### RECORDS ###

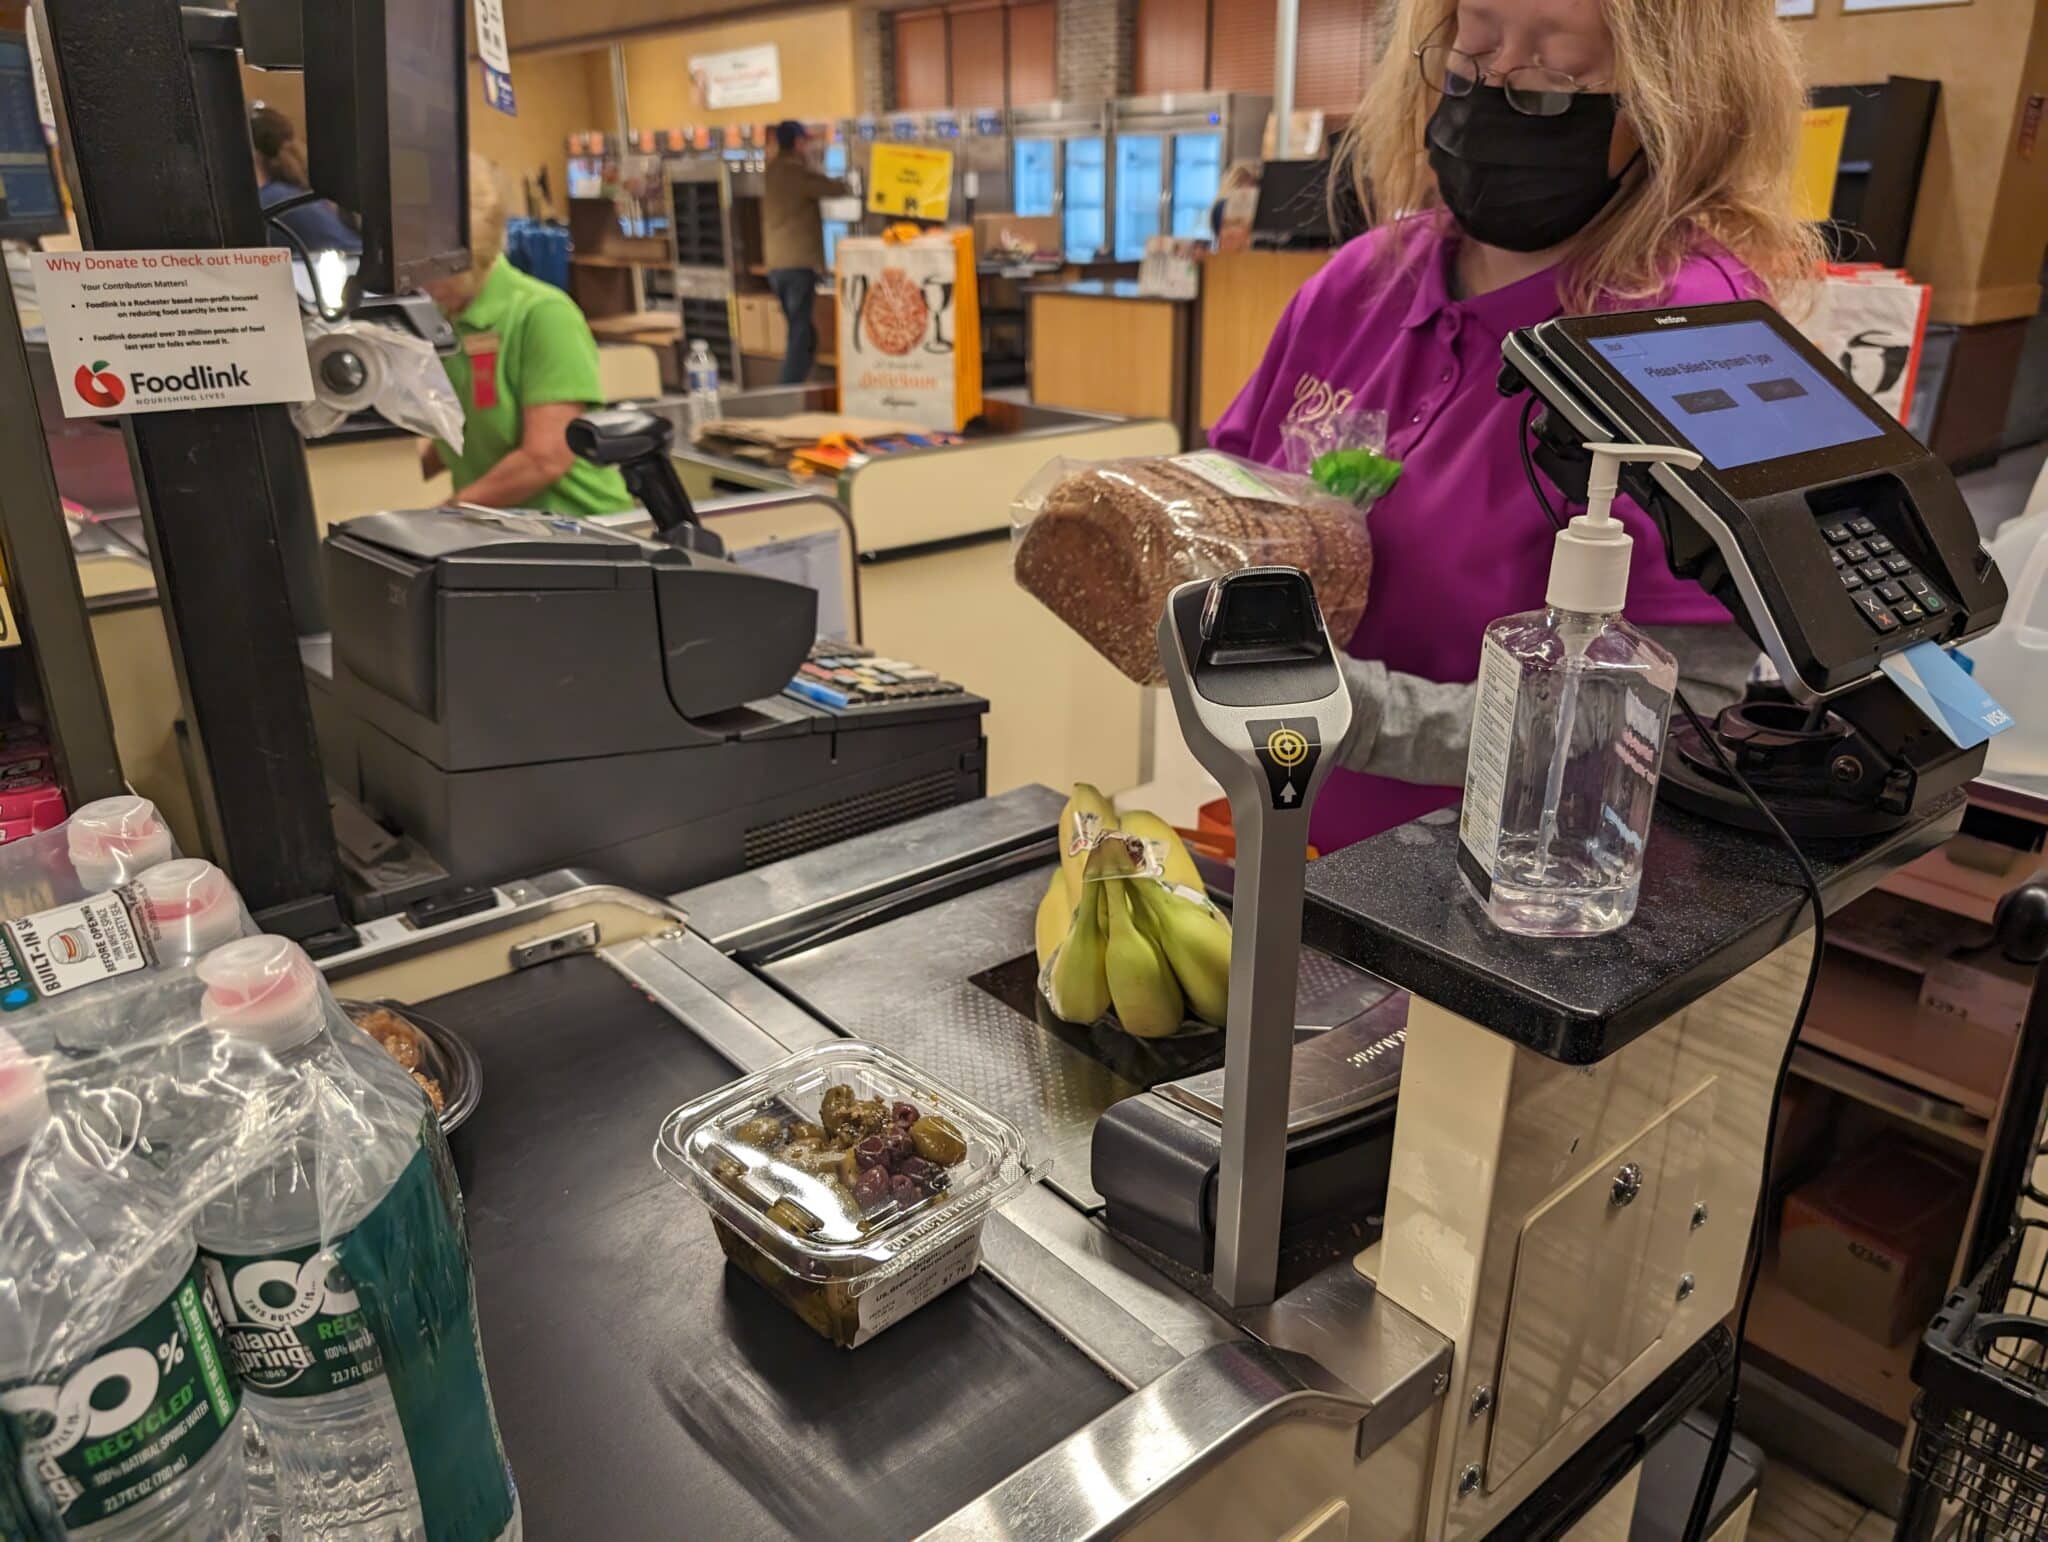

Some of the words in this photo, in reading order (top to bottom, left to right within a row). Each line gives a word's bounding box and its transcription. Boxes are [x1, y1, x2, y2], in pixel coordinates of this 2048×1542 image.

[46, 257, 80, 272] Why
[85, 257, 138, 270] Donate
[142, 256, 158, 269] to
[161, 254, 203, 268] Check
[207, 254, 231, 267] out
[234, 251, 290, 268] Hunger?
[81, 283, 101, 291] Your
[103, 281, 153, 291] Contribution
[154, 279, 188, 290] Matters!
[86, 300, 119, 309] Foodlink
[120, 300, 126, 308] is
[134, 297, 170, 307] Rochester
[172, 297, 193, 305] based
[194, 294, 230, 304] non-profit
[231, 294, 259, 302] focused
[117, 311, 128, 319] on
[129, 309, 162, 318] reducing
[162, 308, 179, 316] food
[180, 306, 208, 316] scarcity
[217, 305, 230, 313] the
[230, 305, 248, 313] area.
[93, 333, 126, 341] Foodlink
[127, 330, 158, 340] donated
[188, 328, 212, 336] million
[214, 327, 239, 335] pounds
[249, 325, 265, 333] food
[125, 343, 139, 351] last
[140, 343, 156, 351] year
[157, 341, 166, 349] to
[167, 340, 184, 348] folks
[186, 339, 202, 347] who
[203, 338, 220, 346] need
[1643, 364, 1682, 378] Please
[1677, 359, 1713, 373] Select
[1705, 354, 1751, 371] Payment
[129, 363, 252, 395] Foodlink
[136, 394, 197, 406] NOURISHING
[200, 392, 226, 402] LIVES
[80, 905, 104, 941] OPENING
[96, 907, 113, 928] SPACE
[104, 925, 122, 947] WHITE
[112, 916, 132, 941] SAFETY
[95, 940, 118, 974] BEFORE
[123, 939, 135, 954] RED
[21, 931, 62, 993] BUILT-IN
[270, 1303, 311, 1323] BOTTLE
[317, 1311, 369, 1340] REC
[230, 1323, 301, 1352] oland
[233, 1345, 309, 1374] pring
[330, 1367, 351, 1385] 23.7
[350, 1365, 362, 1379] FL
[120, 1441, 161, 1474] NATURAL
[184, 1399, 210, 1429] WATER
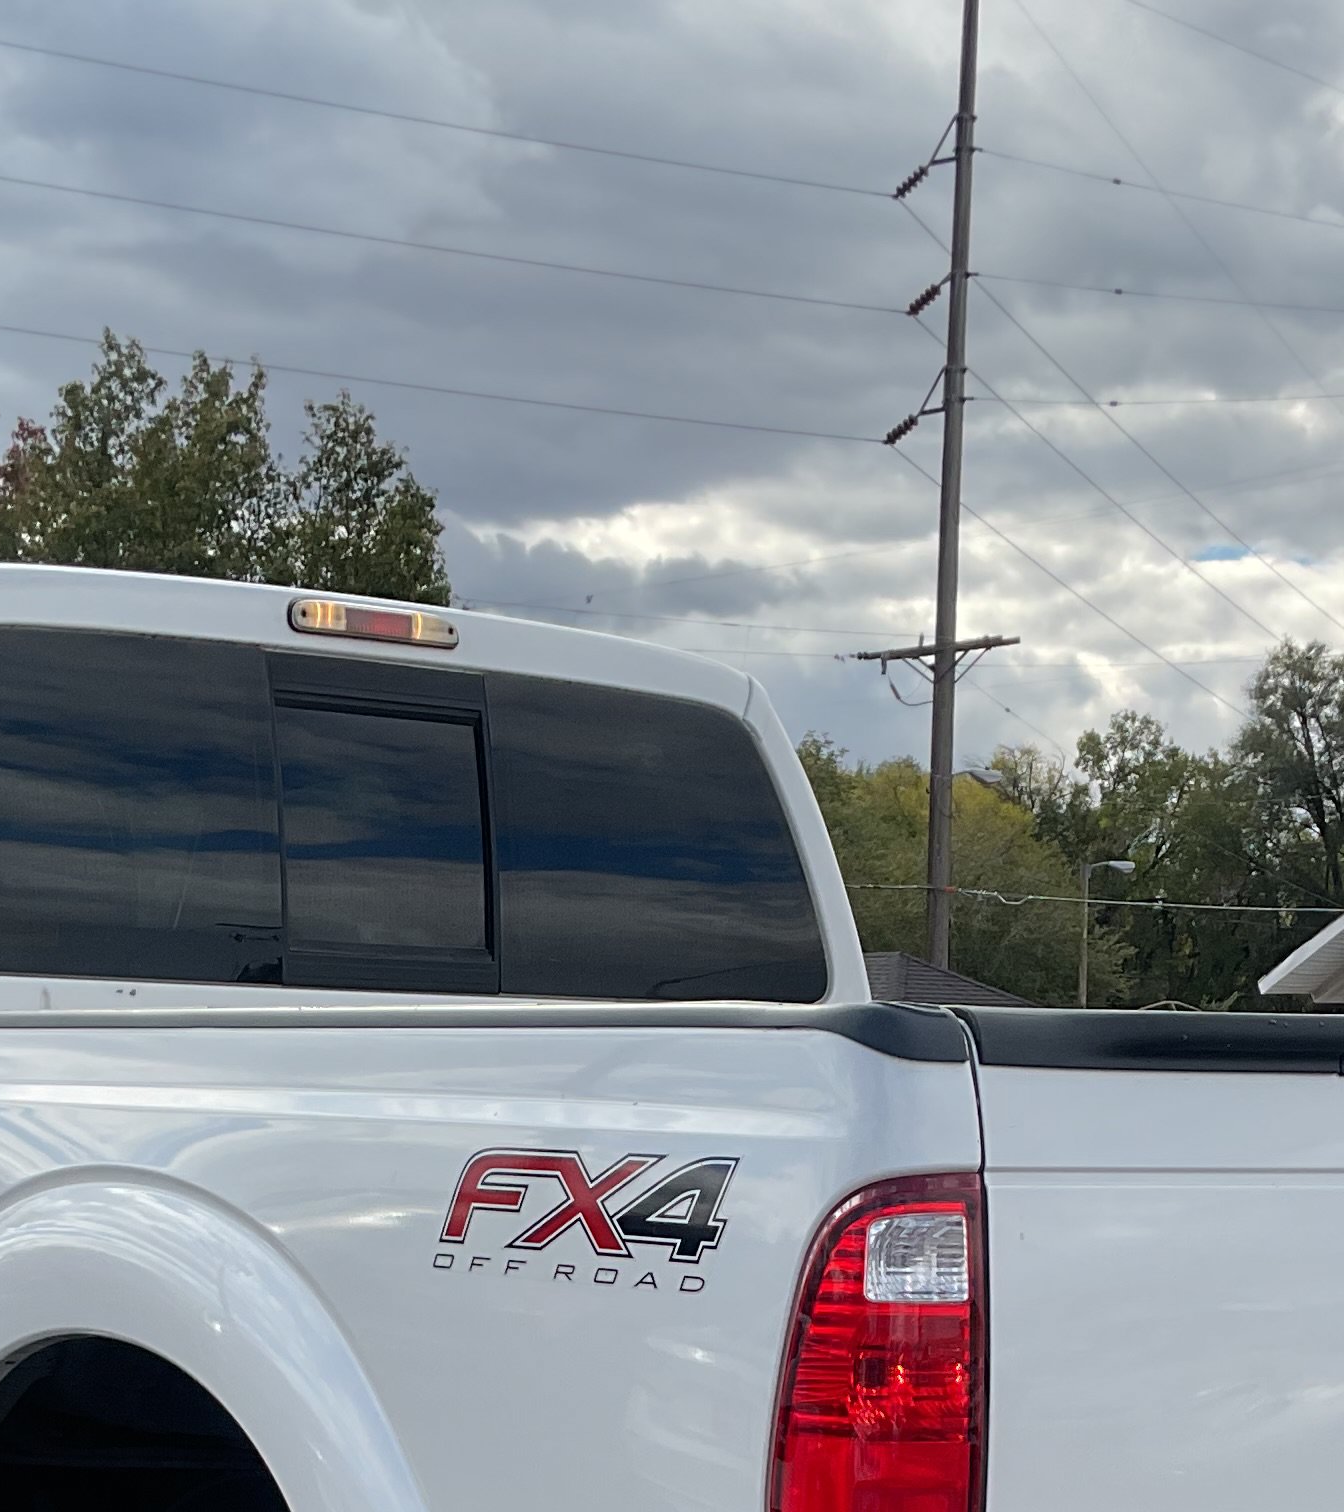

###

• _WHAT IS BEING ASKED_: The task calls for every record to be transcribed exactly, with no images included.

• _TASK RESULT_:
Some of the words in this photo, in reading order (top to bottom, left to right within a row). Each line gives a word's bounding box and its transcription. Boxes are [x1, y1, x2, y2], in pixel coordinates of this 2048×1542 image.

[46, 257, 80, 272] Why
[85, 257, 138, 270] Donate
[142, 256, 158, 269] to
[161, 254, 203, 268] Check
[207, 254, 231, 267] out
[234, 251, 290, 268] Hunger?
[81, 283, 101, 291] Your
[103, 281, 153, 291] Contribution
[154, 279, 188, 290] Matters!
[86, 300, 119, 309] Foodlink
[120, 300, 126, 308] is
[134, 297, 170, 307] Rochester
[172, 297, 193, 305] based
[194, 294, 230, 304] non-profit
[231, 294, 259, 302] focused
[117, 311, 128, 319] on
[129, 309, 162, 318] reducing
[162, 308, 179, 316] food
[180, 306, 208, 316] scarcity
[217, 305, 230, 313] the
[230, 305, 248, 313] area.
[93, 333, 126, 341] Foodlink
[127, 330, 158, 340] donated
[188, 328, 212, 336] million
[214, 327, 239, 335] pounds
[249, 325, 265, 333] food
[125, 343, 139, 351] last
[140, 343, 156, 351] year
[157, 341, 166, 349] to
[167, 340, 184, 348] folks
[186, 339, 202, 347] who
[203, 338, 220, 346] need
[1643, 364, 1682, 378] Please
[1677, 359, 1713, 373] Select
[1705, 354, 1751, 371] Payment
[129, 363, 252, 395] Foodlink
[136, 394, 197, 406] NOURISHING
[200, 392, 226, 402] LIVES
[80, 905, 104, 941] OPENING
[96, 907, 113, 928] SPACE
[104, 925, 122, 947] WHITE
[112, 916, 132, 941] SAFETY
[95, 940, 118, 974] BEFORE
[123, 939, 135, 954] RED
[21, 931, 62, 993] BUILT-IN
[270, 1303, 311, 1323] BOTTLE
[317, 1311, 369, 1340] REC
[230, 1323, 301, 1352] oland
[233, 1345, 309, 1374] pring
[330, 1367, 351, 1385] 23.7
[350, 1365, 362, 1379] FL
[120, 1441, 161, 1474] NATURAL
[184, 1399, 210, 1429] WATER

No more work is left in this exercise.